**WHAT IS BEING ASKED:**
The response should contain all of the data below, reproduced exactly, and no pictures.
..........
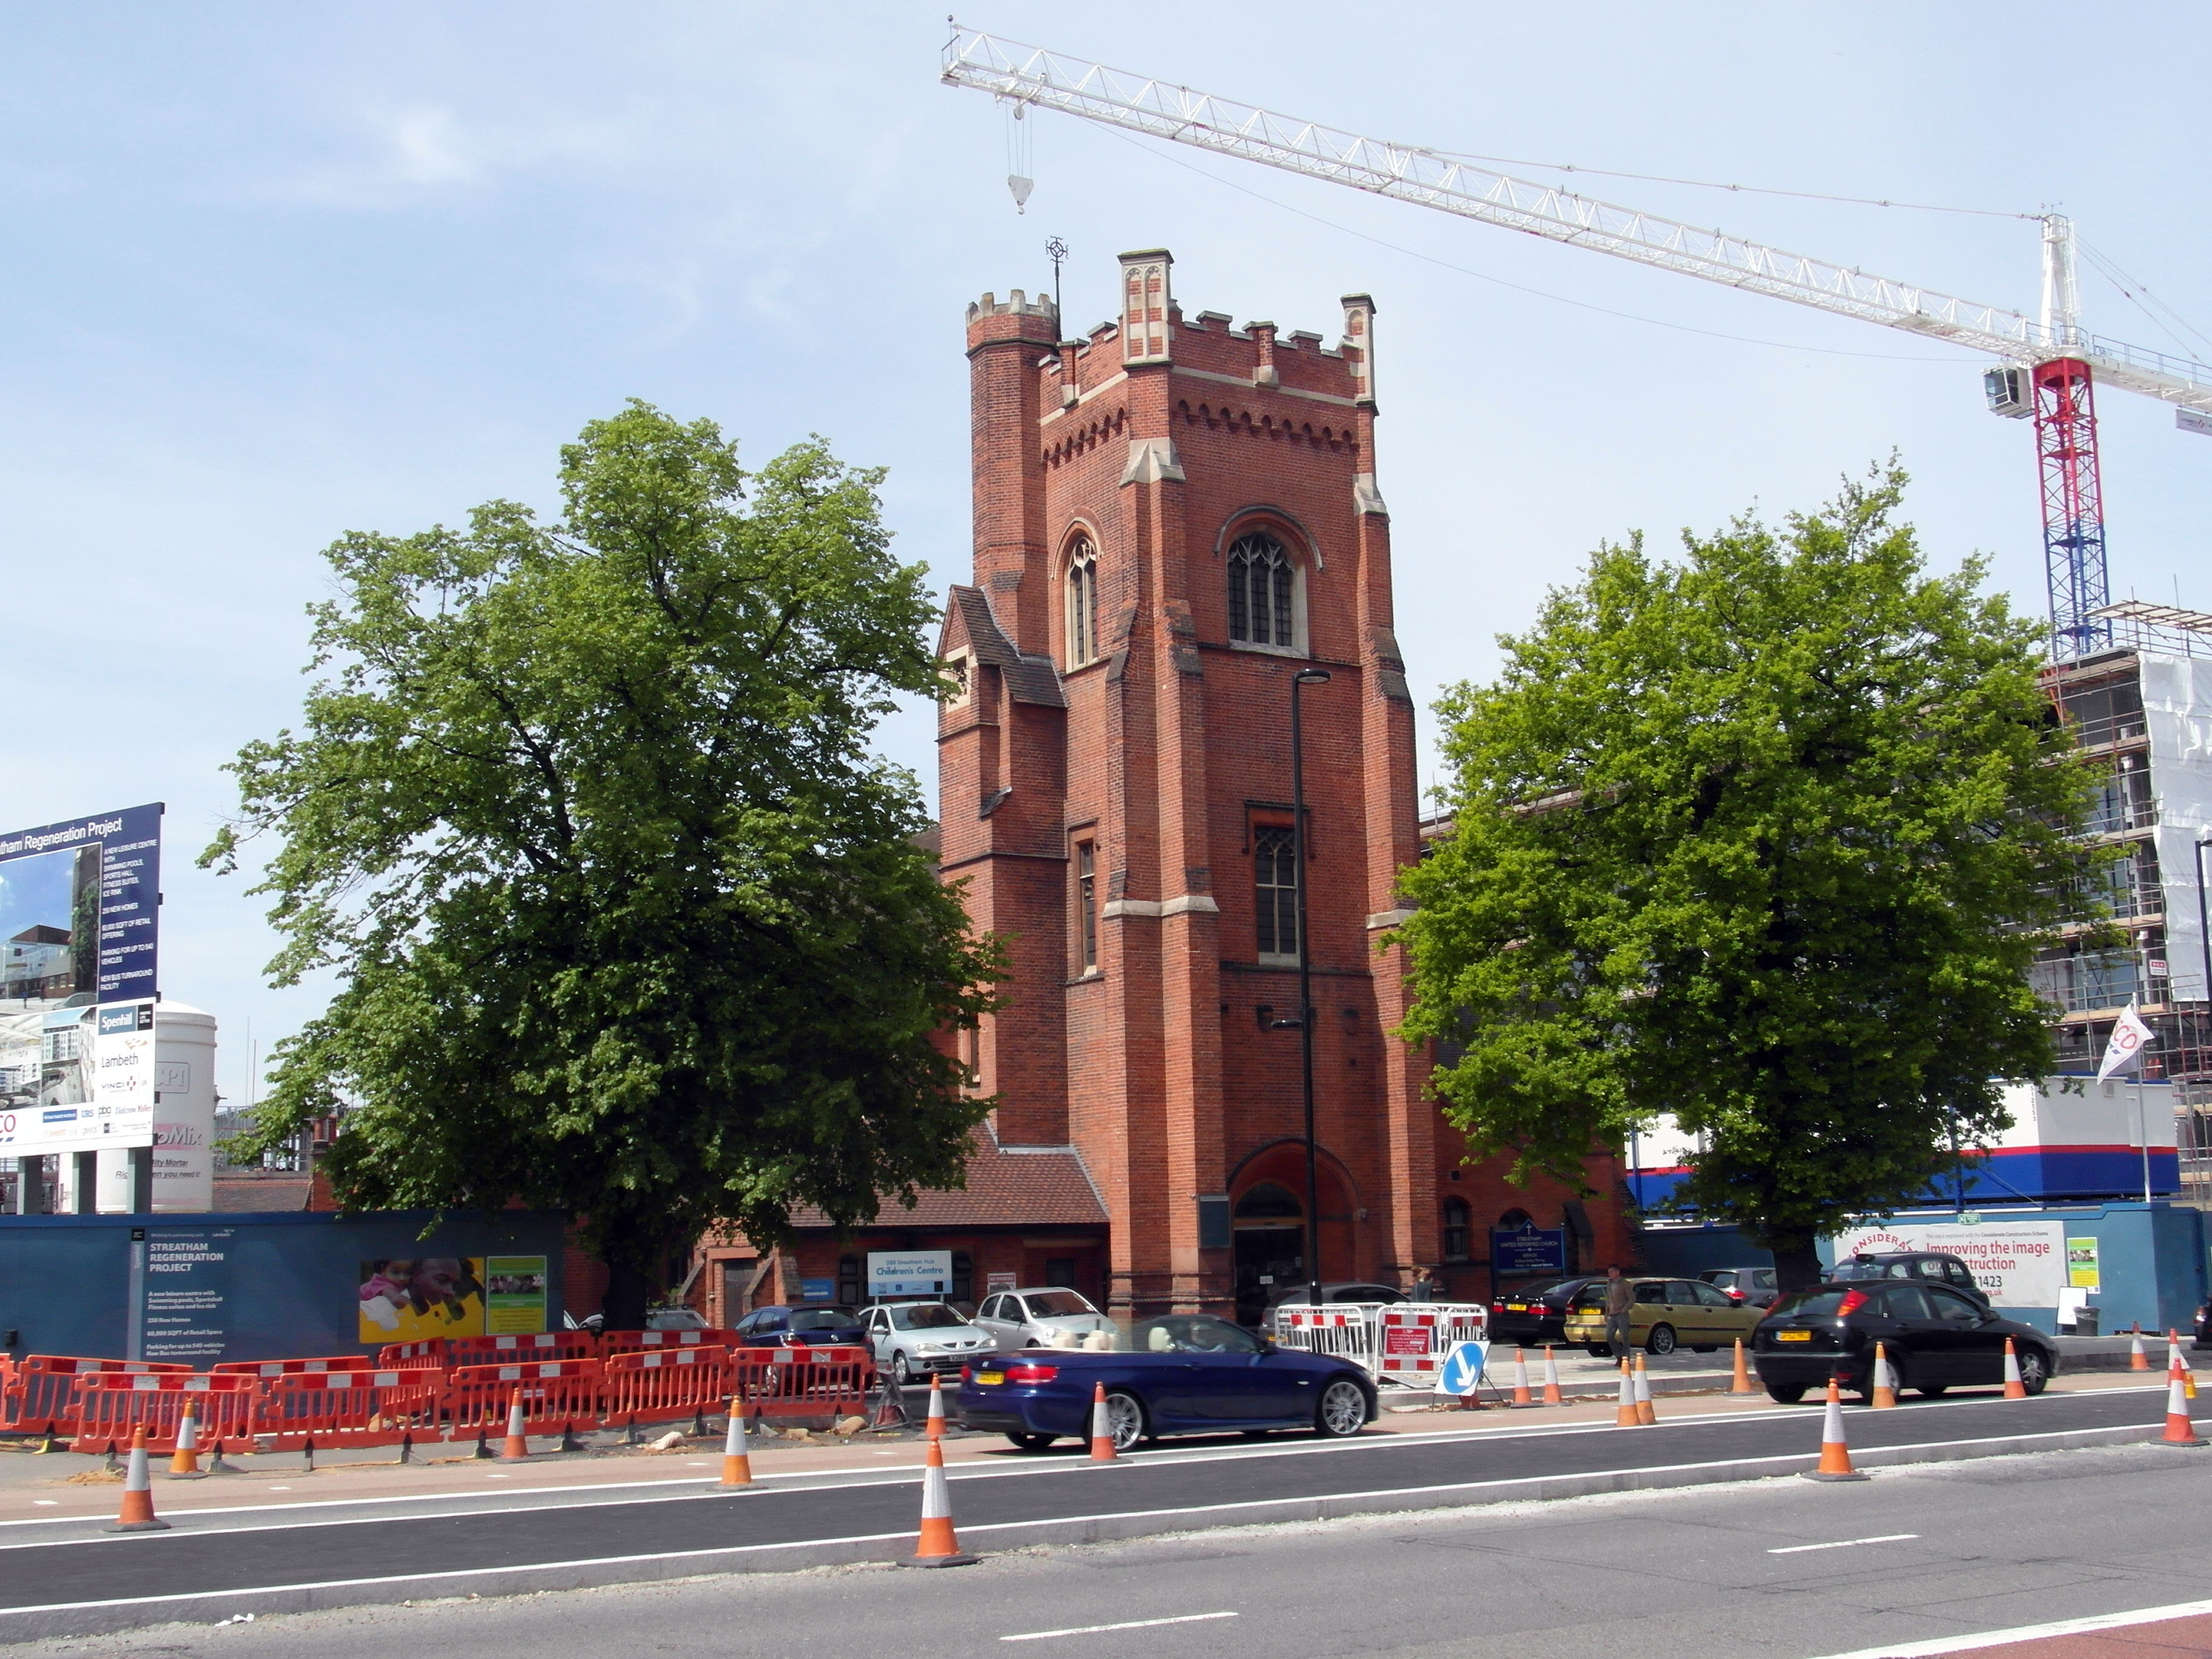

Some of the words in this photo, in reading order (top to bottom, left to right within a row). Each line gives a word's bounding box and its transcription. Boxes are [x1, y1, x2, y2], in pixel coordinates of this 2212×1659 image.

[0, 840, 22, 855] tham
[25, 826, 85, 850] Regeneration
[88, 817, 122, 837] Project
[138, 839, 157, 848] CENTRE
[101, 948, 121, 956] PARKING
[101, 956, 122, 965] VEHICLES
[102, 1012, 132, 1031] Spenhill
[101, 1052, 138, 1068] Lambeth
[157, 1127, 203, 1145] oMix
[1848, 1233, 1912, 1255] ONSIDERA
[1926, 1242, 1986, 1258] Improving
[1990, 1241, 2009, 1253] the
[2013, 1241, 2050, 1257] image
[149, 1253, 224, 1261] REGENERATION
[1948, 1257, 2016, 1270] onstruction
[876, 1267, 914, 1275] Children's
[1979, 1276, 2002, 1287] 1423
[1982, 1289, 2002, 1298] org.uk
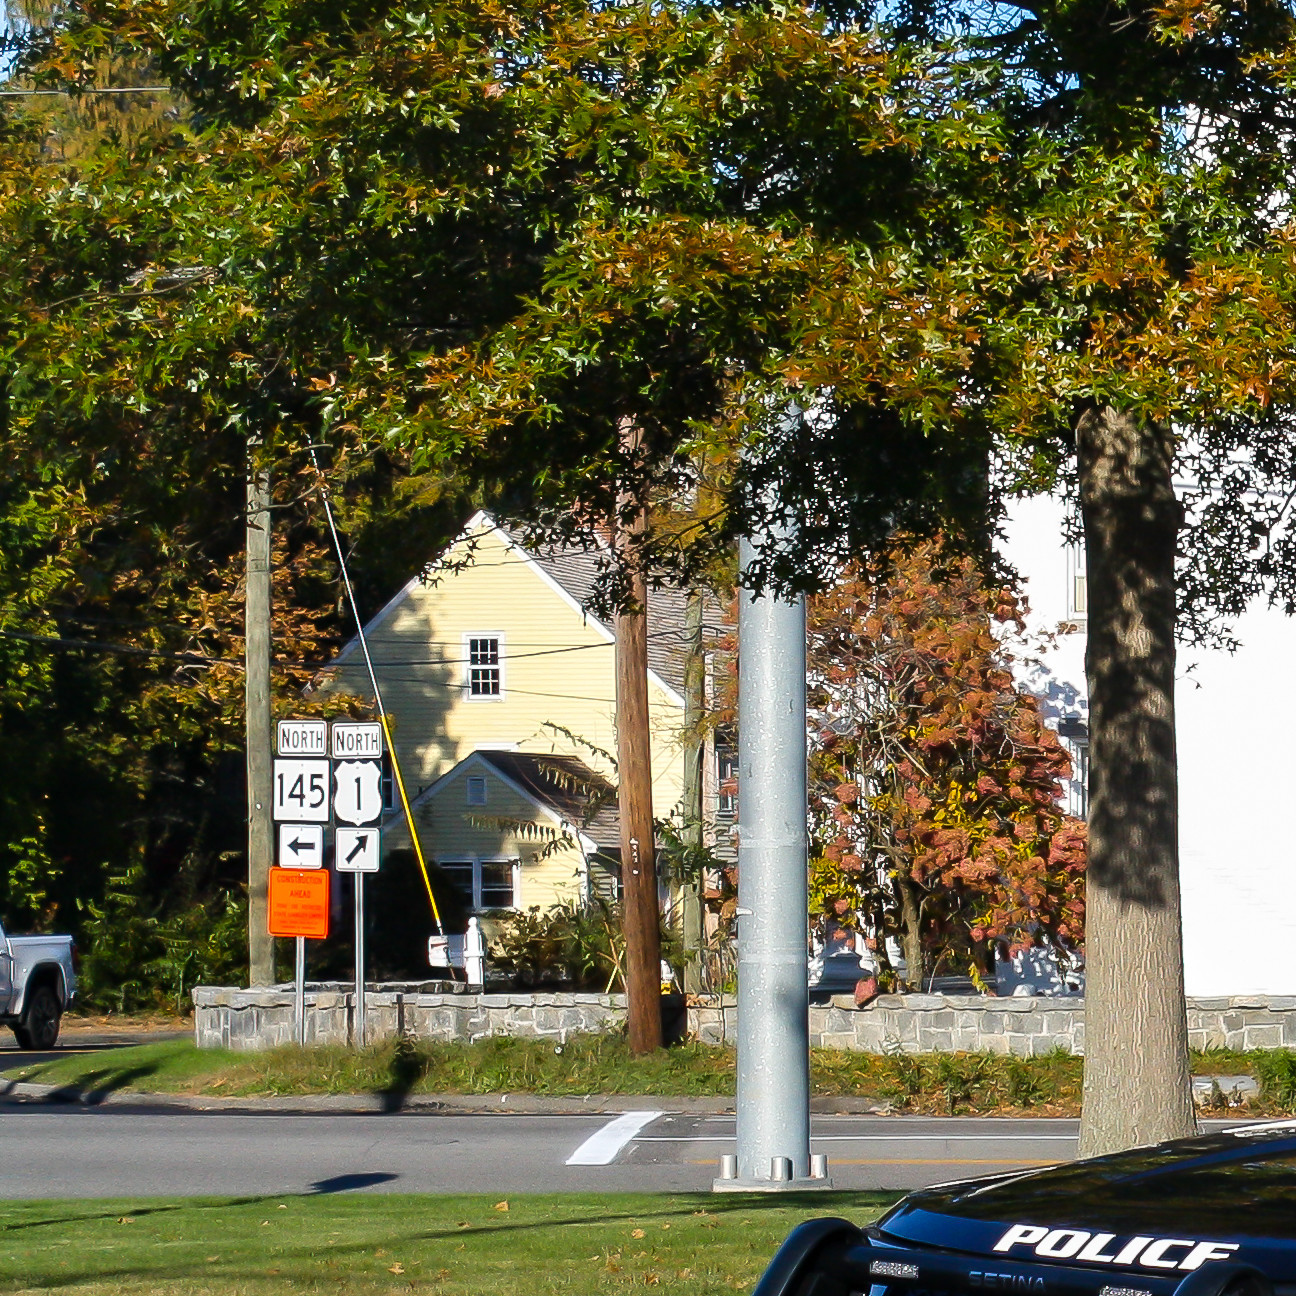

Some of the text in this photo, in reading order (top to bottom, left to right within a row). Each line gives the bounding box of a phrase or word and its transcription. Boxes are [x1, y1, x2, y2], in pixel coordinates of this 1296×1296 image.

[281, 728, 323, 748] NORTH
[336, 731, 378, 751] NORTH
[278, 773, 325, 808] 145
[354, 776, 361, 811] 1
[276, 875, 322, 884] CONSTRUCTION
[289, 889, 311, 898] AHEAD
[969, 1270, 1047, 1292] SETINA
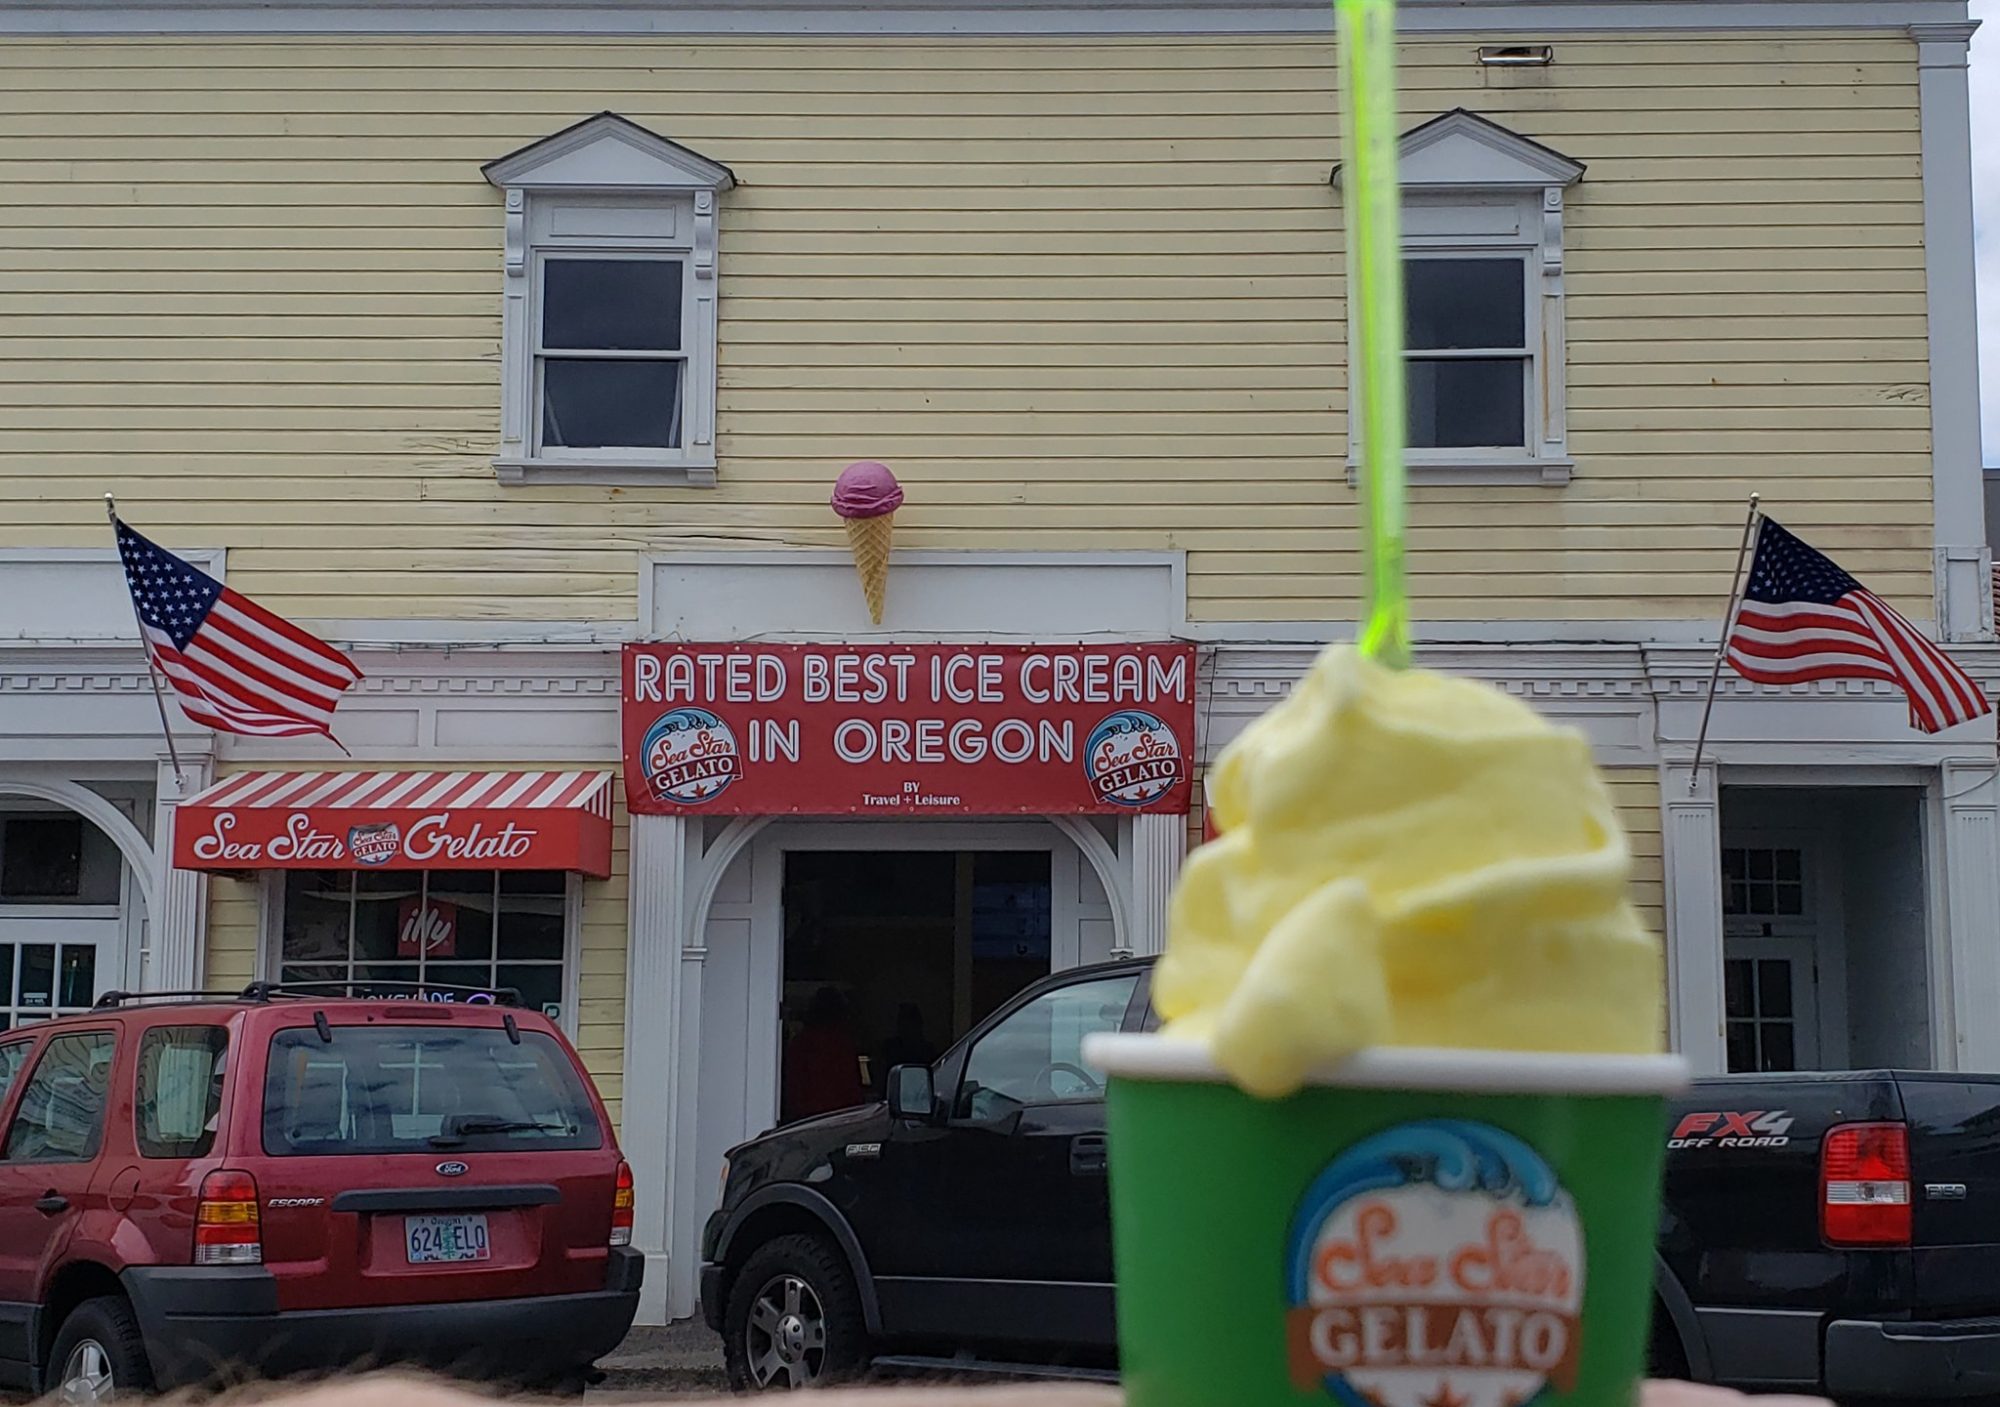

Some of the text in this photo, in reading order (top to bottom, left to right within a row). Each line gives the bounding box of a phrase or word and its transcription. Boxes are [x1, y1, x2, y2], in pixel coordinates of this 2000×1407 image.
..........
**RESPONSE:**
Some of the words in this photo, in reading order (top to bottom, left to right within a row). Each line gives a word's bounding box and its transcription. Boxes are [x1, y1, x2, y2], in pixel coordinates of this 2212×1659 image.

[0, 840, 22, 855] tham
[25, 826, 85, 850] Regeneration
[88, 817, 122, 837] Project
[138, 839, 157, 848] CENTRE
[101, 948, 121, 956] PARKING
[101, 956, 122, 965] VEHICLES
[102, 1012, 132, 1031] Spenhill
[101, 1052, 138, 1068] Lambeth
[157, 1127, 203, 1145] oMix
[1848, 1233, 1912, 1255] ONSIDERA
[1926, 1242, 1986, 1258] Improving
[1990, 1241, 2009, 1253] the
[2013, 1241, 2050, 1257] image
[149, 1253, 224, 1261] REGENERATION
[1948, 1257, 2016, 1270] onstruction
[876, 1267, 914, 1275] Children's
[1979, 1276, 2002, 1287] 1423
[1982, 1289, 2002, 1298] org.uk

Some of the text in this photo, in reading order (top to bottom, left to right within a row). Each line gives the bounding box of a phrase or word and its transcription. Boxes are [x1, y1, x2, y2], in pixel coordinates of this 1296×1296 image.

[281, 728, 323, 748] NORTH
[336, 731, 378, 751] NORTH
[278, 773, 325, 808] 145
[354, 776, 361, 811] 1
[276, 875, 322, 884] CONSTRUCTION
[289, 889, 311, 898] AHEAD
[969, 1270, 1047, 1292] SETINA

Some of the text in this photo, in reading order (top to bottom, left to right within a row). Each line gives the bounding box of a phrase or word and its transcription. Boxes are [x1, y1, x2, y2], in pixel coordinates of this 2000×1407 image.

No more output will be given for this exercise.